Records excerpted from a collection
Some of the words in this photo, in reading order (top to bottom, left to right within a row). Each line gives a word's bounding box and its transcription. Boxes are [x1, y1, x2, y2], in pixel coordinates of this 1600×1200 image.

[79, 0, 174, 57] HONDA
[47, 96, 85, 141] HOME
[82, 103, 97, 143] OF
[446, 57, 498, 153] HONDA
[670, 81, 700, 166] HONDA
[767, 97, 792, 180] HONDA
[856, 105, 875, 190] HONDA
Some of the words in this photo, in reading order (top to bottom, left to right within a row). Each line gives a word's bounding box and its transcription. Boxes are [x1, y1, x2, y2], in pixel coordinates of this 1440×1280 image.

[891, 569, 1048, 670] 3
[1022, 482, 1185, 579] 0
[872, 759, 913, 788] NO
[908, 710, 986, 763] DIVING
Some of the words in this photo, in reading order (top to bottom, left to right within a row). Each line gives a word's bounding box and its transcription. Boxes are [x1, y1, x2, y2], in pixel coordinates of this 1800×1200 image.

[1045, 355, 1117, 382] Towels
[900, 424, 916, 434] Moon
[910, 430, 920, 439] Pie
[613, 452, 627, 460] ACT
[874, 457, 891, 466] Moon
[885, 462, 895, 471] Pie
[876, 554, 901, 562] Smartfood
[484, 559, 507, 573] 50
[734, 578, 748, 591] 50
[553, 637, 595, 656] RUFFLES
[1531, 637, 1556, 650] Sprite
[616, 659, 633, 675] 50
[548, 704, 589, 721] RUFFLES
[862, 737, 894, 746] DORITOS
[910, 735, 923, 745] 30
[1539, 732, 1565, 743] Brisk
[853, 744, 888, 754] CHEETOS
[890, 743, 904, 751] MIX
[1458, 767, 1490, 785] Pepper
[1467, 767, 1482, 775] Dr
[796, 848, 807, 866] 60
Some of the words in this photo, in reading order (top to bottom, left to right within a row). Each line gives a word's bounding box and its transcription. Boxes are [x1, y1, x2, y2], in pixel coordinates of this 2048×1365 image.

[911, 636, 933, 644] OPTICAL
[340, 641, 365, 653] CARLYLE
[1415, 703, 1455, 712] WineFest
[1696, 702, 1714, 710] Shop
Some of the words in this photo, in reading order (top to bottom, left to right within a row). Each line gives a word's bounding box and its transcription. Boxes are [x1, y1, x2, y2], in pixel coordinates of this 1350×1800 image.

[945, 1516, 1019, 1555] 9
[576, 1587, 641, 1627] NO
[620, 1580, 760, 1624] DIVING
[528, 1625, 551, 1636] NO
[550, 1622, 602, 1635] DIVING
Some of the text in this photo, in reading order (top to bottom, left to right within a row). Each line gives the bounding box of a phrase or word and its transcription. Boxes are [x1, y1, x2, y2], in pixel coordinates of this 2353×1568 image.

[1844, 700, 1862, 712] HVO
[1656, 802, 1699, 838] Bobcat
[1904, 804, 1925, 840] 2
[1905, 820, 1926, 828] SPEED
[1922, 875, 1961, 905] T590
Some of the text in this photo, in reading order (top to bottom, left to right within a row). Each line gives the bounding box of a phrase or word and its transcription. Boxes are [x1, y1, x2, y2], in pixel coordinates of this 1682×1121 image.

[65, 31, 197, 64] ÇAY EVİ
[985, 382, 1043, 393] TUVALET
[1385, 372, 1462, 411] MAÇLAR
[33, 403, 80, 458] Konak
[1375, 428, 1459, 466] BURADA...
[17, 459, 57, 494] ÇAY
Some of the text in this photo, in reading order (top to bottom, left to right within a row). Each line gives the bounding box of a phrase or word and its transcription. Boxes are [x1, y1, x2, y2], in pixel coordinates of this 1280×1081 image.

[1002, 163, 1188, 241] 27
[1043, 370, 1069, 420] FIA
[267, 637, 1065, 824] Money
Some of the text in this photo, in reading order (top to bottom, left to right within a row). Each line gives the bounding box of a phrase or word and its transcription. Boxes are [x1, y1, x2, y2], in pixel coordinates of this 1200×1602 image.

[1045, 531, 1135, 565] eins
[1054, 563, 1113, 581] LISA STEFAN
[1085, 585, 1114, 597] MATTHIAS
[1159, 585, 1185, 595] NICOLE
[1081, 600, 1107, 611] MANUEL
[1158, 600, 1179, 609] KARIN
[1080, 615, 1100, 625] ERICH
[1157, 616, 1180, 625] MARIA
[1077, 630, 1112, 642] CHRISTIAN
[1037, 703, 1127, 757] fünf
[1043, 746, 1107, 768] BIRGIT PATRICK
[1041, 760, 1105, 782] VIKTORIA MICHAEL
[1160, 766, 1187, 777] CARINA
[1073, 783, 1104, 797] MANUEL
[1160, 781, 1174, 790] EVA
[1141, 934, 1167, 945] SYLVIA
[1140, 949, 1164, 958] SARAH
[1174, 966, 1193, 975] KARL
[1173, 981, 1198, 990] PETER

(What to do)
Write out every entry once more, precisely as it stands.

(Response to this task)
Some of the words in this photo, in reading order (top to bottom, left to right within a row). Each line gives a word's bounding box and its transcription. Boxes are [x1, y1, x2, y2], in pixel coordinates of this 1600×1200 image.

[79, 0, 174, 57] HONDA
[47, 96, 85, 141] HOME
[82, 103, 97, 143] OF
[446, 57, 498, 153] HONDA
[670, 81, 700, 166] HONDA
[767, 97, 792, 180] HONDA
[856, 105, 875, 190] HONDA
Some of the words in this photo, in reading order (top to bottom, left to right within a row). Each line gives a word's bounding box and its transcription. Boxes are [x1, y1, x2, y2], in pixel coordinates of this 1440×1280 image.

[891, 569, 1048, 670] 3
[1022, 482, 1185, 579] 0
[872, 759, 913, 788] NO
[908, 710, 986, 763] DIVING
Some of the words in this photo, in reading order (top to bottom, left to right within a row). Each line gives a word's bounding box and its transcription. Boxes are [x1, y1, x2, y2], in pixel coordinates of this 1800×1200 image.

[1045, 355, 1117, 382] Towels
[900, 424, 916, 434] Moon
[910, 430, 920, 439] Pie
[613, 452, 627, 460] ACT
[874, 457, 891, 466] Moon
[885, 462, 895, 471] Pie
[876, 554, 901, 562] Smartfood
[484, 559, 507, 573] 50
[734, 578, 748, 591] 50
[553, 637, 595, 656] RUFFLES
[1531, 637, 1556, 650] Sprite
[616, 659, 633, 675] 50
[548, 704, 589, 721] RUFFLES
[862, 737, 894, 746] DORITOS
[910, 735, 923, 745] 30
[1539, 732, 1565, 743] Brisk
[853, 744, 888, 754] CHEETOS
[890, 743, 904, 751] MIX
[1458, 767, 1490, 785] Pepper
[1467, 767, 1482, 775] Dr
[796, 848, 807, 866] 60
Some of the words in this photo, in reading order (top to bottom, left to right within a row). Each line gives a word's bounding box and its transcription. Boxes are [x1, y1, x2, y2], in pixel coordinates of this 2048×1365 image.

[911, 636, 933, 644] OPTICAL
[340, 641, 365, 653] CARLYLE
[1415, 703, 1455, 712] WineFest
[1696, 702, 1714, 710] Shop
Some of the words in this photo, in reading order (top to bottom, left to right within a row). Each line gives a word's bounding box and its transcription. Boxes are [x1, y1, x2, y2], in pixel coordinates of this 1350×1800 image.

[945, 1516, 1019, 1555] 9
[576, 1587, 641, 1627] NO
[620, 1580, 760, 1624] DIVING
[528, 1625, 551, 1636] NO
[550, 1622, 602, 1635] DIVING
Some of the text in this photo, in reading order (top to bottom, left to right within a row). Each line gives the bounding box of a phrase or word and its transcription. Boxes are [x1, y1, x2, y2], in pixel coordinates of this 2353×1568 image.

[1844, 700, 1862, 712] HVO
[1656, 802, 1699, 838] Bobcat
[1904, 804, 1925, 840] 2
[1905, 820, 1926, 828] SPEED
[1922, 875, 1961, 905] T590
Some of the text in this photo, in reading order (top to bottom, left to right within a row). Each line gives the bounding box of a phrase or word and its transcription. Boxes are [x1, y1, x2, y2], in pixel coordinates of this 1682×1121 image.

[65, 31, 197, 64] ÇAY EVİ
[985, 382, 1043, 393] TUVALET
[1385, 372, 1462, 411] MAÇLAR
[33, 403, 80, 458] Konak
[1375, 428, 1459, 466] BURADA...
[17, 459, 57, 494] ÇAY
Some of the text in this photo, in reading order (top to bottom, left to right within a row). Each line gives the bounding box of a phrase or word and its transcription. Boxes are [x1, y1, x2, y2], in pixel coordinates of this 1280×1081 image.

[1002, 163, 1188, 241] 27
[1043, 370, 1069, 420] FIA
[267, 637, 1065, 824] Money
Some of the text in this photo, in reading order (top to bottom, left to right within a row). Each line gives the bounding box of a phrase or word and its transcription. Boxes are [x1, y1, x2, y2], in pixel coordinates of this 1200×1602 image.

[1045, 531, 1135, 565] eins
[1054, 563, 1113, 581] LISA STEFAN
[1085, 585, 1114, 597] MATTHIAS
[1159, 585, 1185, 595] NICOLE
[1081, 600, 1107, 611] MANUEL
[1158, 600, 1179, 609] KARIN
[1080, 615, 1100, 625] ERICH
[1157, 616, 1180, 625] MARIA
[1077, 630, 1112, 642] CHRISTIAN
[1037, 703, 1127, 757] fünf
[1043, 746, 1107, 768] BIRGIT PATRICK
[1041, 760, 1105, 782] VIKTORIA MICHAEL
[1160, 766, 1187, 777] CARINA
[1073, 783, 1104, 797] MANUEL
[1160, 781, 1174, 790] EVA
[1141, 934, 1167, 945] SYLVIA
[1140, 949, 1164, 958] SARAH
[1174, 966, 1193, 975] KARL
[1173, 981, 1198, 990] PETER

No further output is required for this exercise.